* Task details
Retype the records below exactly as they appear, but leave out any pictures.

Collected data
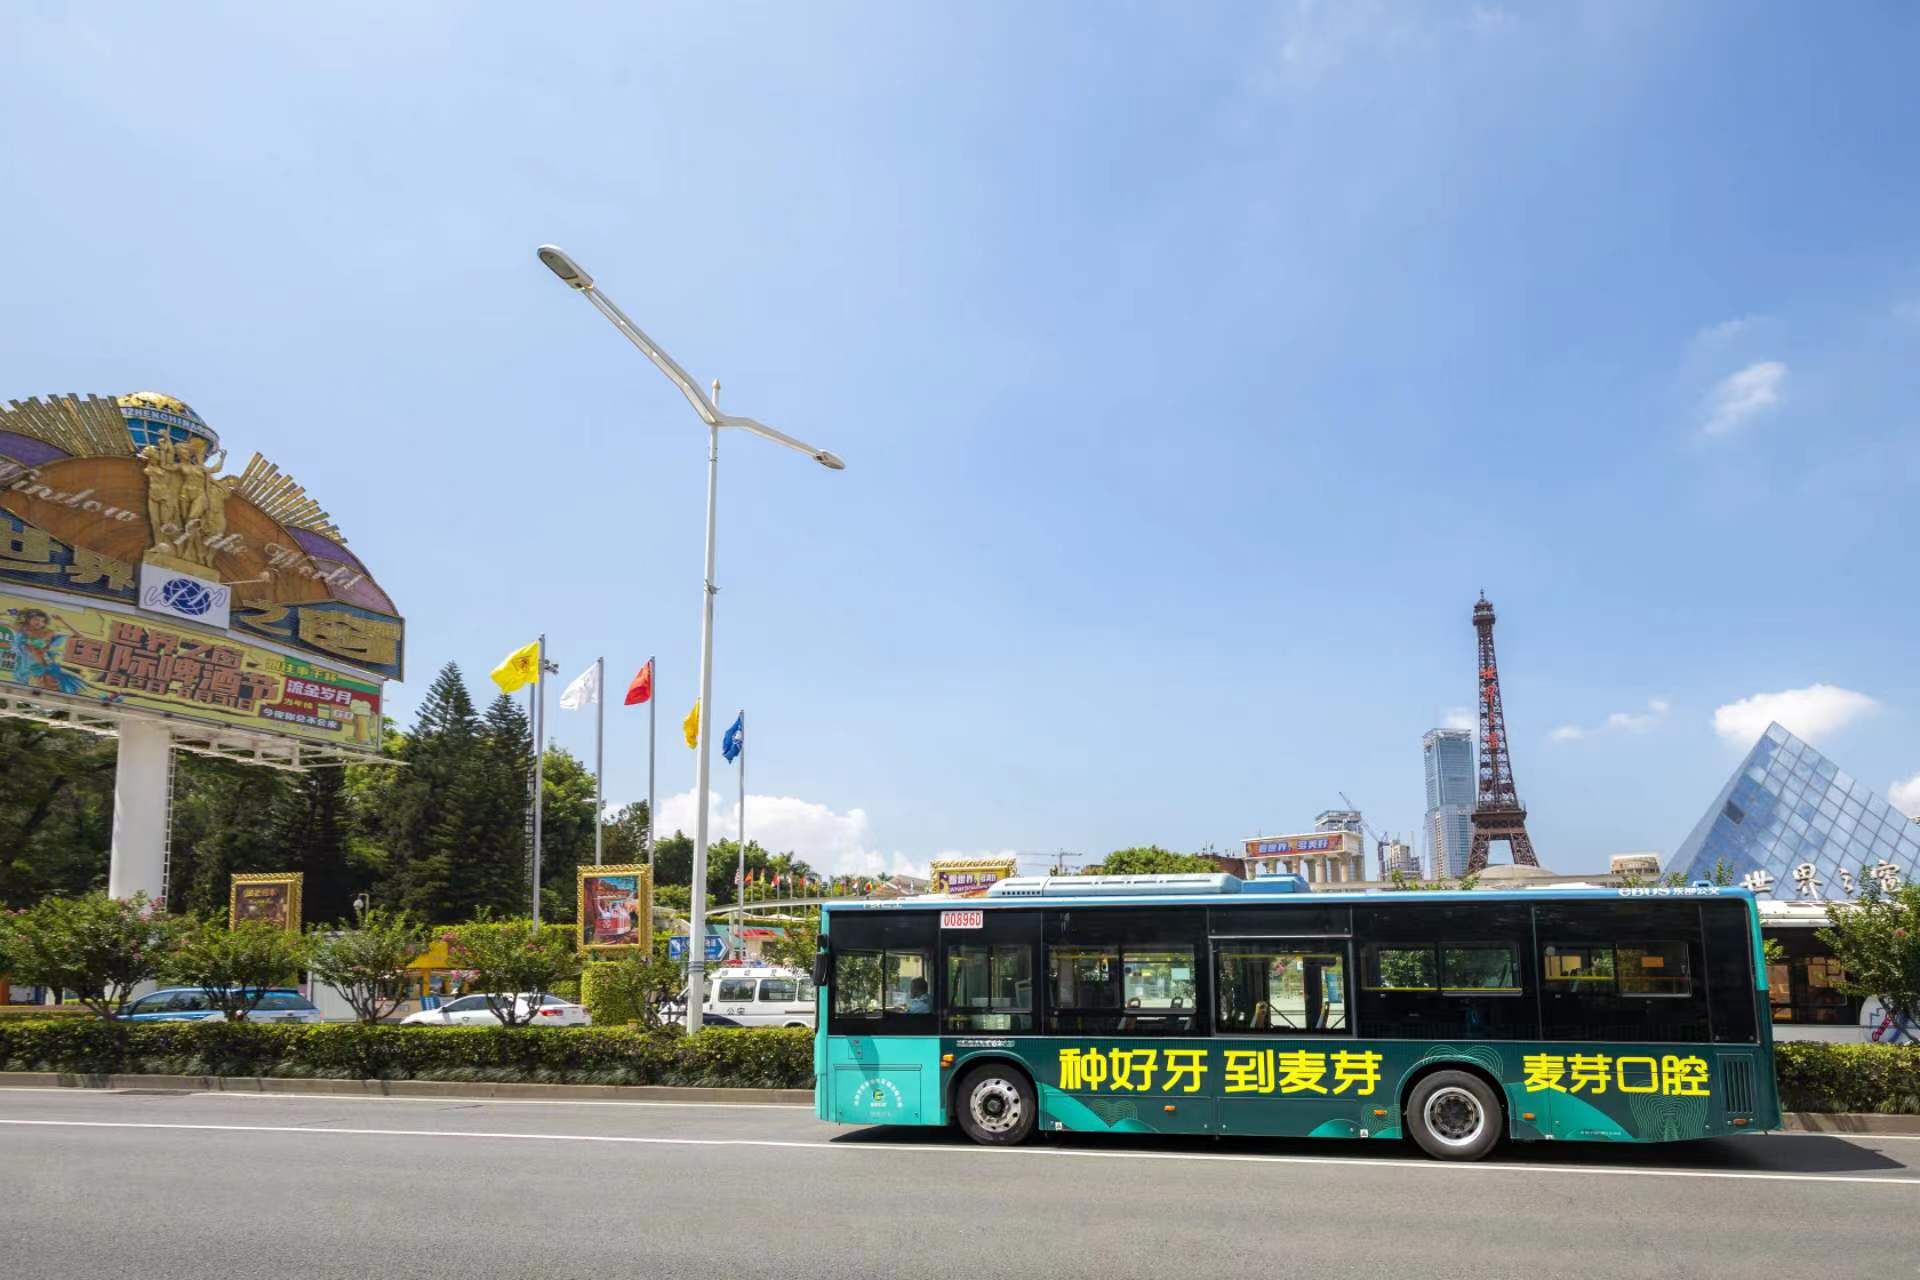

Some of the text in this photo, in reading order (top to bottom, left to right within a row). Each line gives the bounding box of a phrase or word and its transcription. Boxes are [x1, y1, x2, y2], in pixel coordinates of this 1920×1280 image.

[111, 620, 246, 670] 世界之窗
[64, 637, 281, 702] 国际啤酒节
[285, 679, 352, 705] 流金岁月
[1740, 859, 1901, 898] 世界之窗
[943, 912, 981, 926] 008960
[1059, 1047, 1383, 1096] 种好牙 到麦芽
[1522, 1053, 1710, 1096] 麦芽口腔

* Task answer
Some of the text in this photo, in reading order (top to bottom, left to right within a row). Each line gives the bounding box of a phrase or word and its transcription. Boxes are [x1, y1, x2, y2], in pixel coordinates of this 1920×1280 image.

[111, 620, 246, 670] 世界之窗
[64, 637, 281, 702] 国际啤酒节
[285, 679, 352, 705] 流金岁月
[1740, 859, 1901, 898] 世界之窗
[943, 912, 981, 926] 008960
[1059, 1047, 1383, 1096] 种好牙 到麦芽
[1522, 1053, 1710, 1096] 麦芽口腔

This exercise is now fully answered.